In human cell, cell cycle events are governed by several CDKs [1].
Cell-cycle dependent oscillations in CDK activity are induced by complex
mechanisms that include binding to positive regulatory subunits and
phosphorylation at positive and negative regulatory sites. For activation CDKs
require binding to cyclins.

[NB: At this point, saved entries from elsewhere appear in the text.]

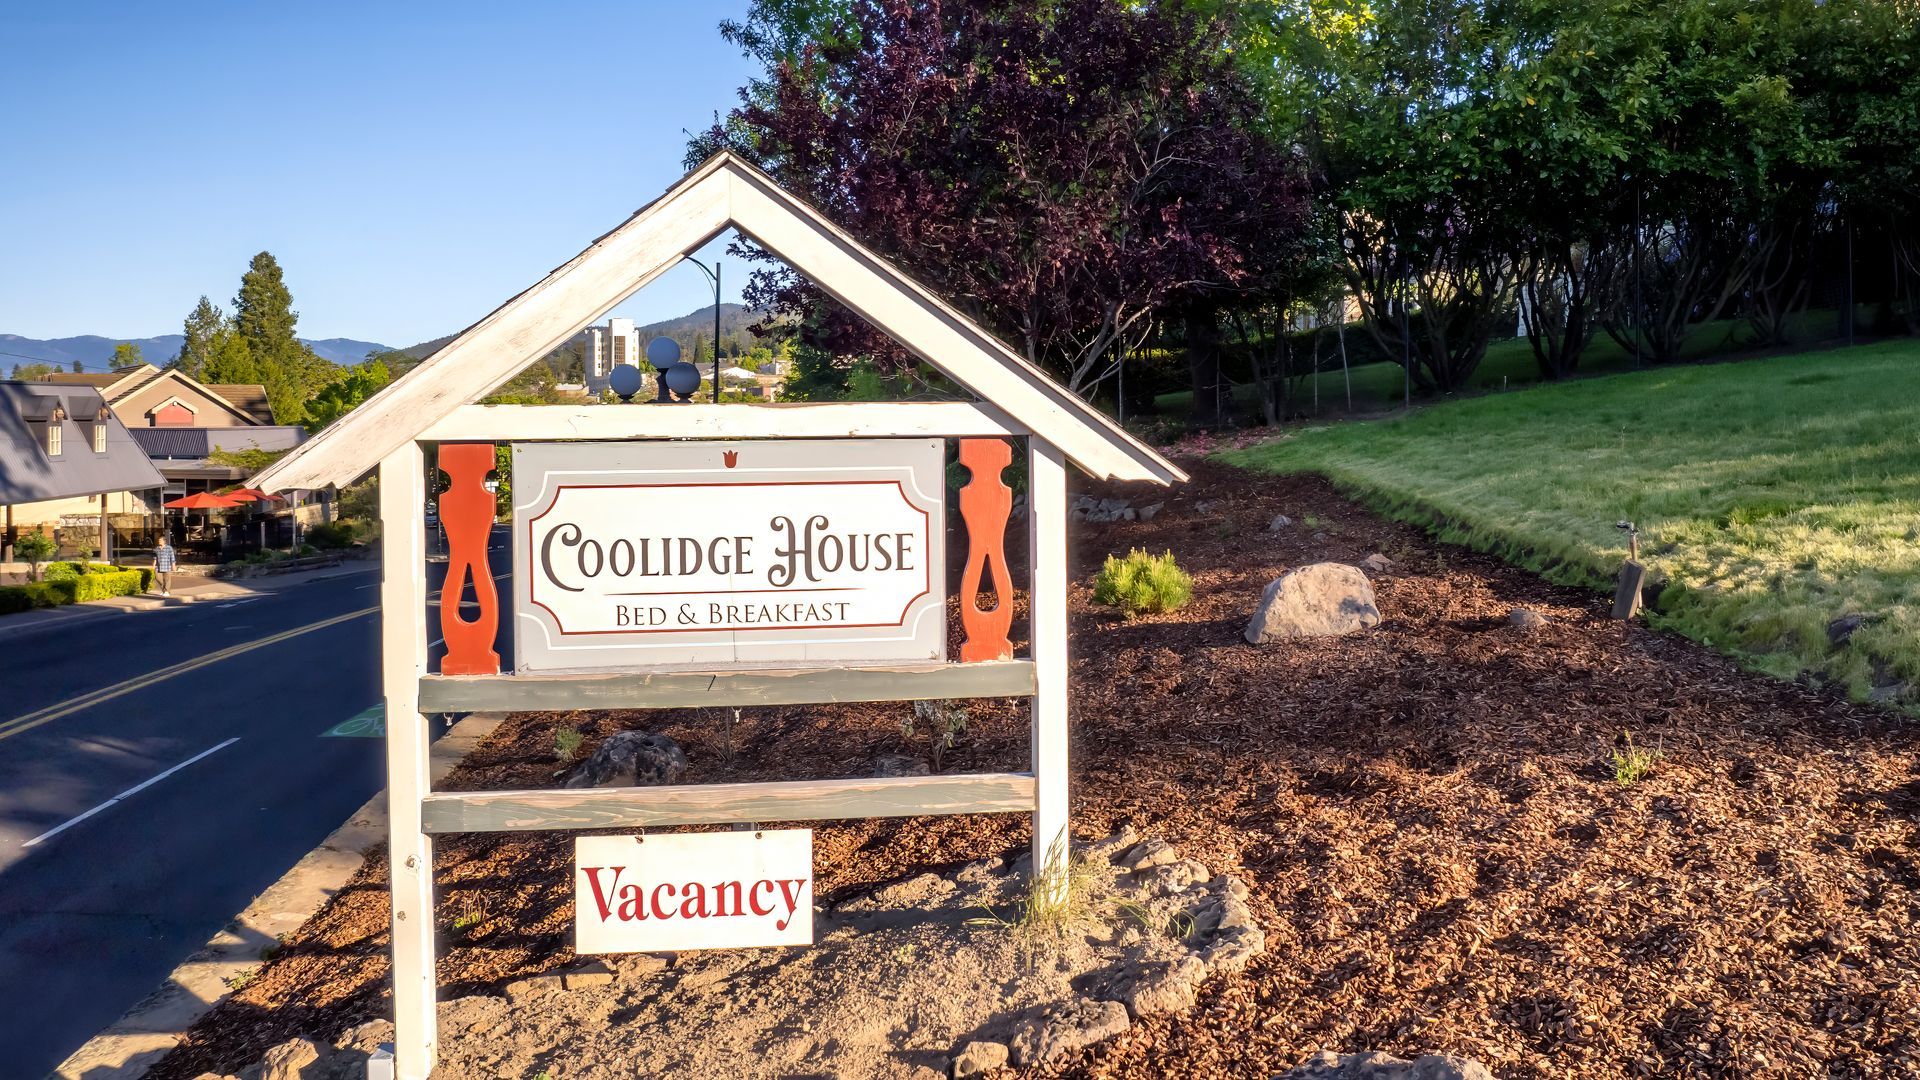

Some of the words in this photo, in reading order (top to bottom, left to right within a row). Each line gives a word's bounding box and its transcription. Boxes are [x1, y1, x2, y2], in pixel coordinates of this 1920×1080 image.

[540, 522, 754, 592] COOLIDGE
[767, 514, 915, 588] HOUSE
[616, 604, 667, 627] BED
[677, 603, 700, 625] &
[709, 602, 851, 624] BREAKFAST
[580, 866, 807, 932] Vacancy

CDKs obtain full activity at binding with adenosine
triphosphate (ATP) by phosphorylation of a threonine residue in the CDK (Thr
160 in human CDK2) [2]. Activities of
these enzymes are inhibited in several ways, for examples, (de)phosphorylation,
interaction with various natural protein inhibitors [3]. CDK2 can be negatively
regulated by phosphorylation on Tyr15 and to a lesser extent on Thr14 [4].

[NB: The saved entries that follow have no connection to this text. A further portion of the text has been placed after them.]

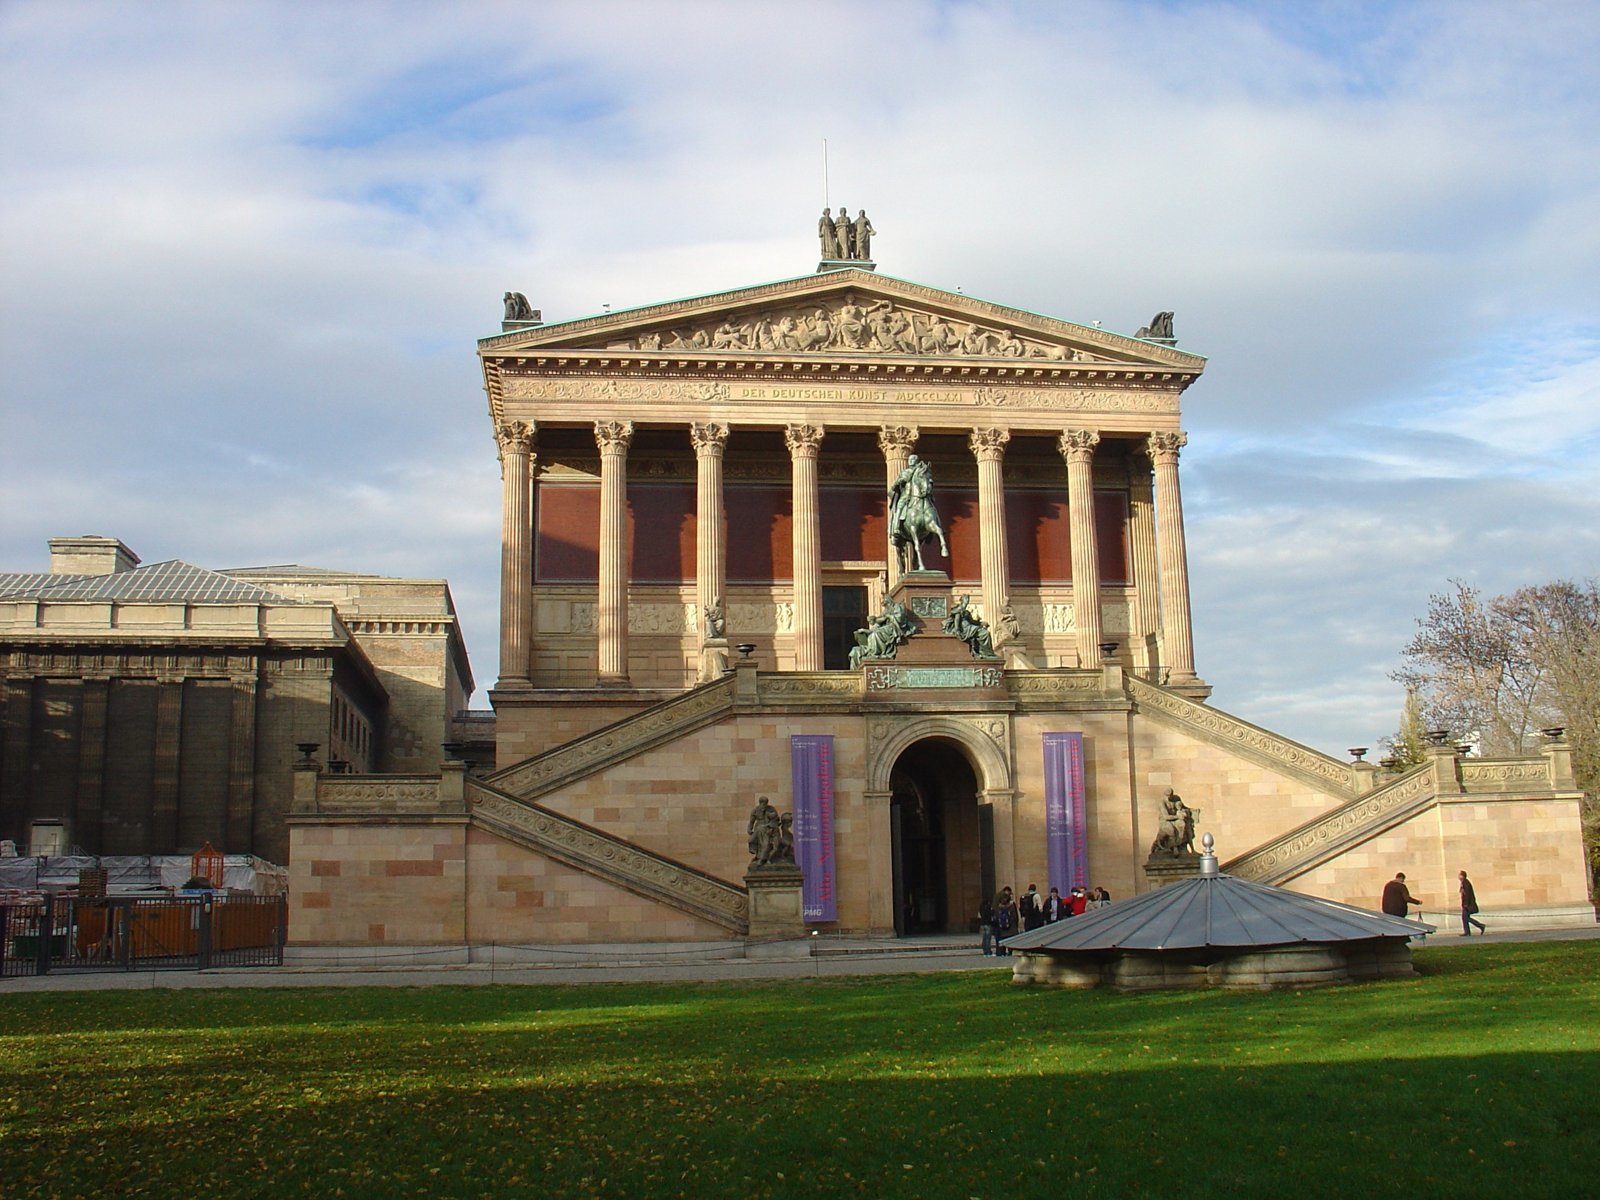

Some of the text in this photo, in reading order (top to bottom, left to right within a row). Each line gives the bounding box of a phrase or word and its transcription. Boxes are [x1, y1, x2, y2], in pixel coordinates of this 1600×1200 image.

[742, 388, 962, 402] DER DEUTSCHEN KUNST MDCCCLXXI
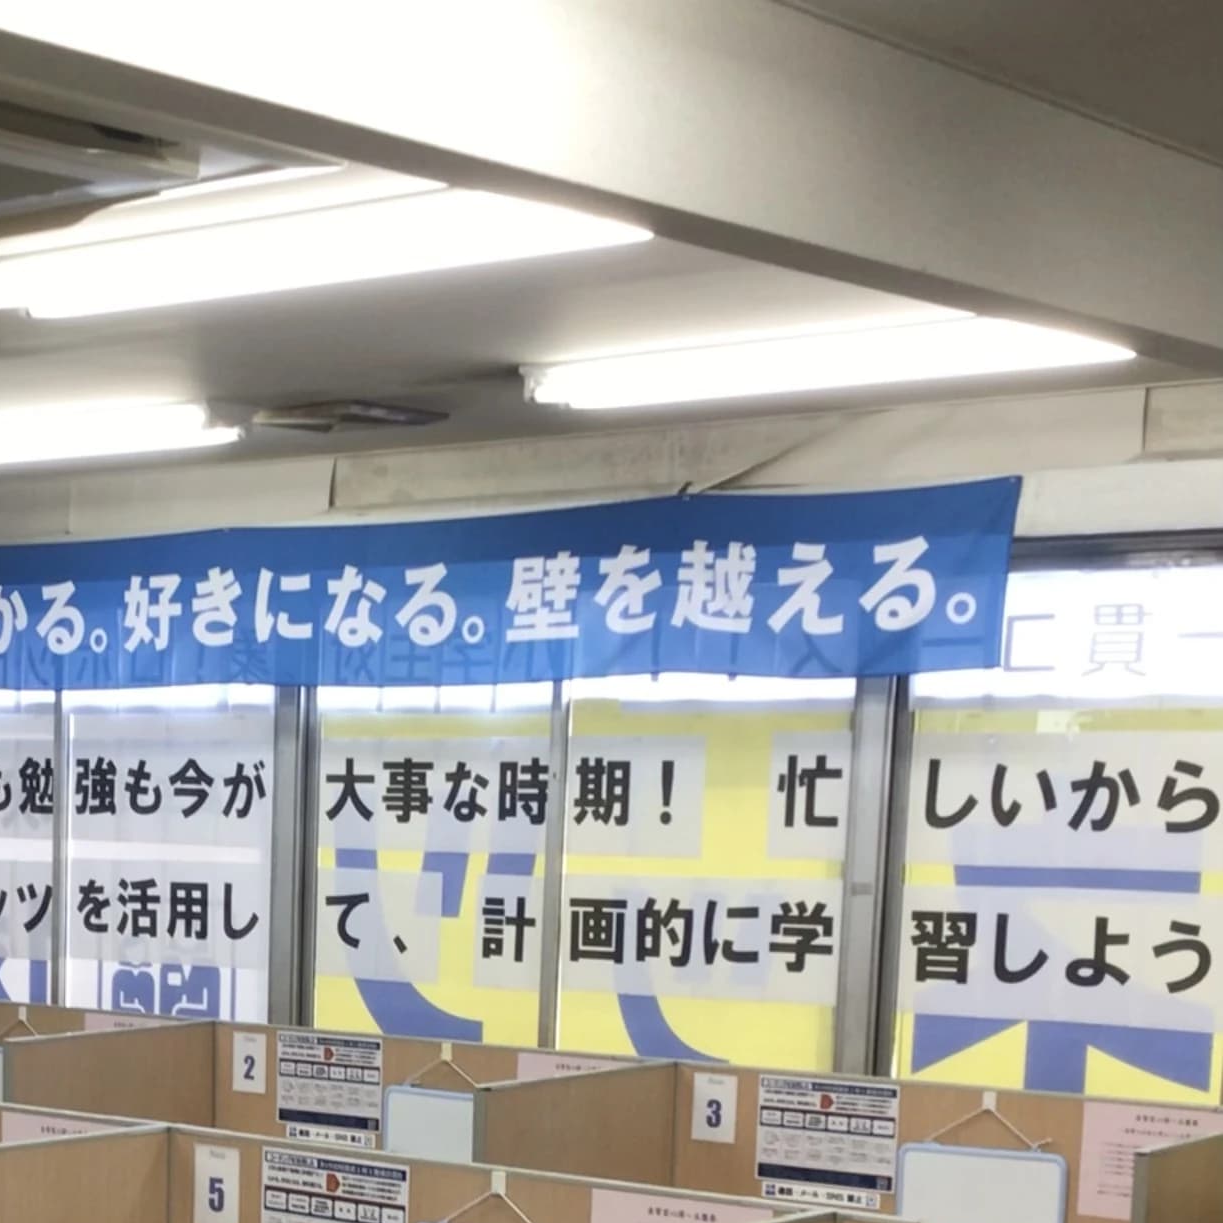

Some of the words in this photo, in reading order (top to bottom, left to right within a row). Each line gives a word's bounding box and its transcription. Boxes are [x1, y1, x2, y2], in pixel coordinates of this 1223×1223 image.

[242, 1055, 256, 1081] 2
[705, 1098, 722, 1129] 3
[208, 1177, 225, 1213] 5

This work describes behavior of monomeric
CDK2/ATP, CDK2/cyclinA/ATP complex, and pT160-CDK2/cyclinA/ATP complex
(CDK2/cyclinA/ATP complex phosphorylated on Thr160 residue of CDK2) using the
molecular dynamics simulations with the Cornell et al. force field as implemented in the AMBER software package
[5]. The next MD study was performed on pY15,pT160-CDK2/cyclinA/ATP system. The
system was prepared from pT160-CDK2/cyclinA/ATP by phosphorylation of the Tyr15
residue of CDK2. Results of conformational behavior of ATP and key residues for
activation in these complexes will be presented. Activation
of CDK2 involves various conformational changes, including the reorientation of
the phosphate part of ATP and key residues involved in ATP binding site. Transformation of conformation of ATP phosphate
in the pT160-CDK2/cyclinA complex is important to form substrate binding site,
and is thought to be critical for catalysis.
References:
1. D. O. Morgan, Annu. Rev. Cell Dev. Biol., 13 (1997) 261-291.

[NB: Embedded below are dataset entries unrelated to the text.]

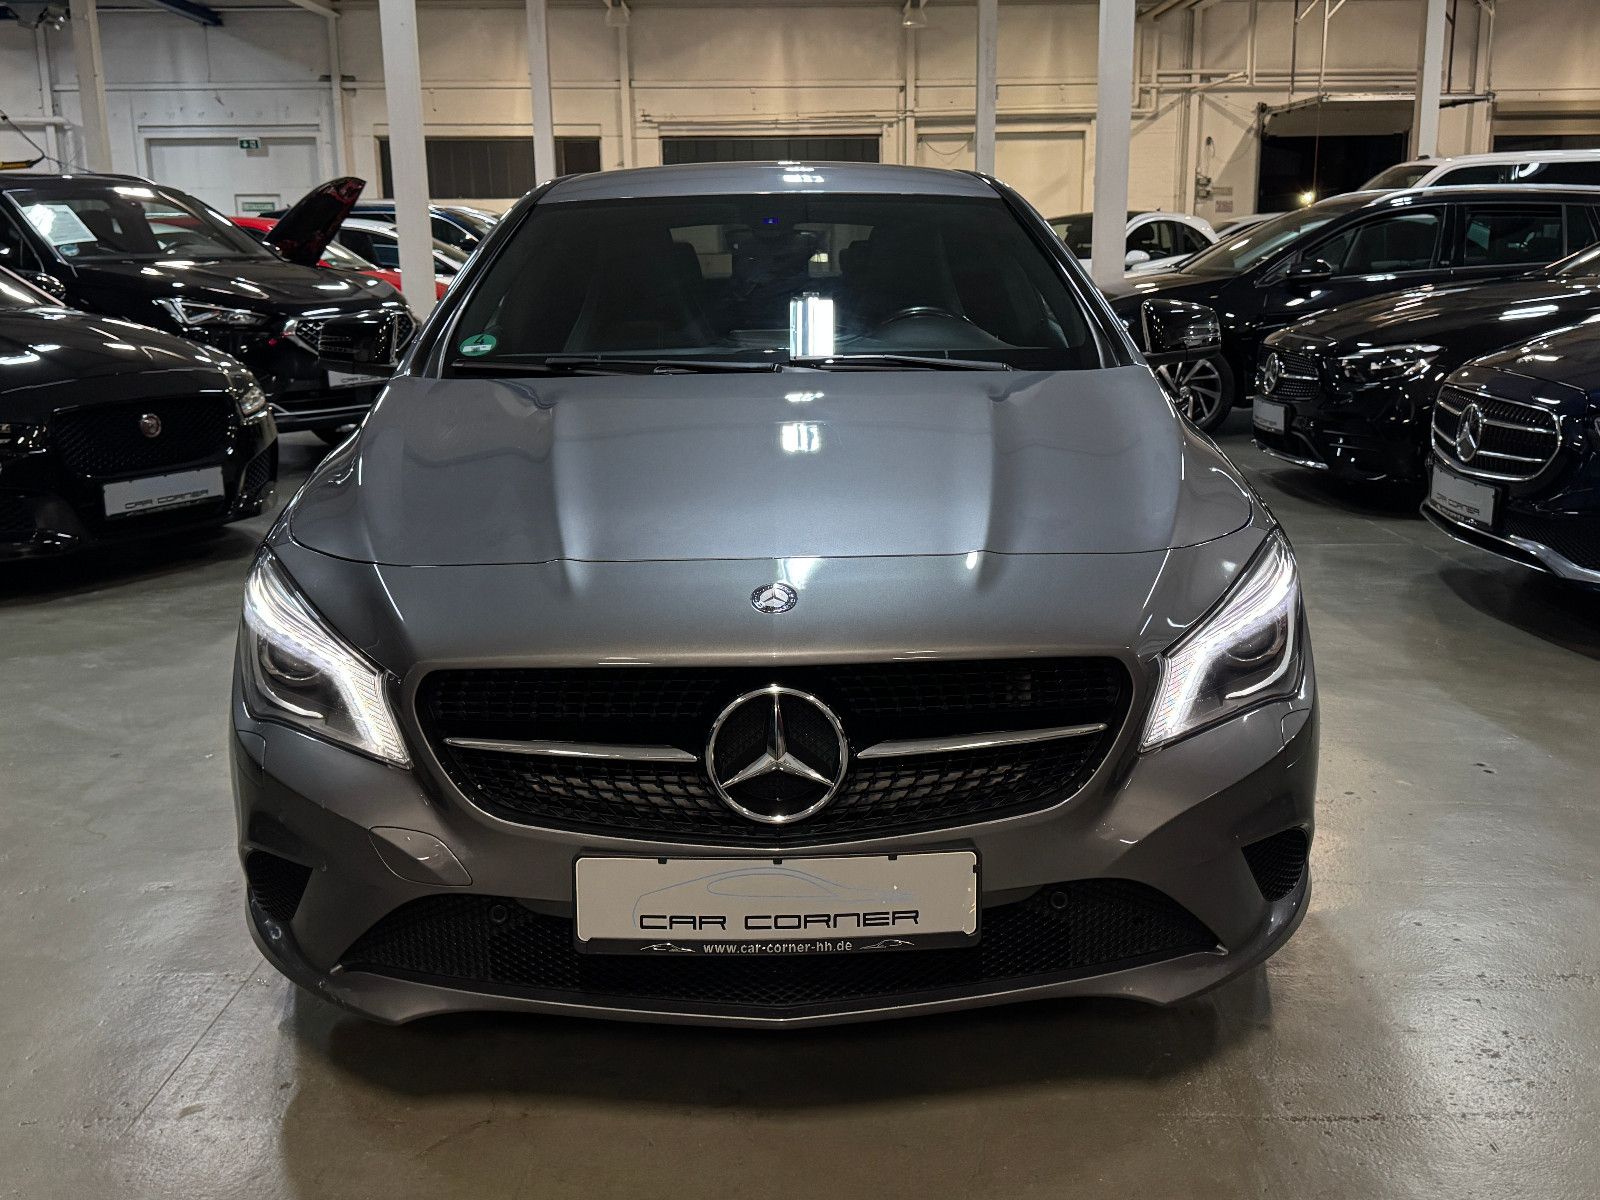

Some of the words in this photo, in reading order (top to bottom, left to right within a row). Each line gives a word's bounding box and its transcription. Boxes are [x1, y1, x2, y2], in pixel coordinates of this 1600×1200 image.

[474, 334, 485, 345] 4
[125, 499, 153, 509] CAR
[157, 489, 209, 504] CORNER
[640, 914, 727, 930] CAR
[744, 909, 919, 930] CORNER
[703, 941, 853, 954] www.car-corner-hh.de

2. D. P. Jeffrey, A. A. Russo, K. Polyak, Nature, 376 (1995) 313-320.
3. M. Otyepka, Z. Kříž, J. Koča, J. Biol. Struct. Dyn., 20 (2002) 141-154.
4. H. L. De Bondt, J. Rosenblatt, J. Jancarik, Nature, 363 (1993) 595-602.
5. D. A. Case et al., AMBER ver. 6.0, University of California, San Francisco, 1999.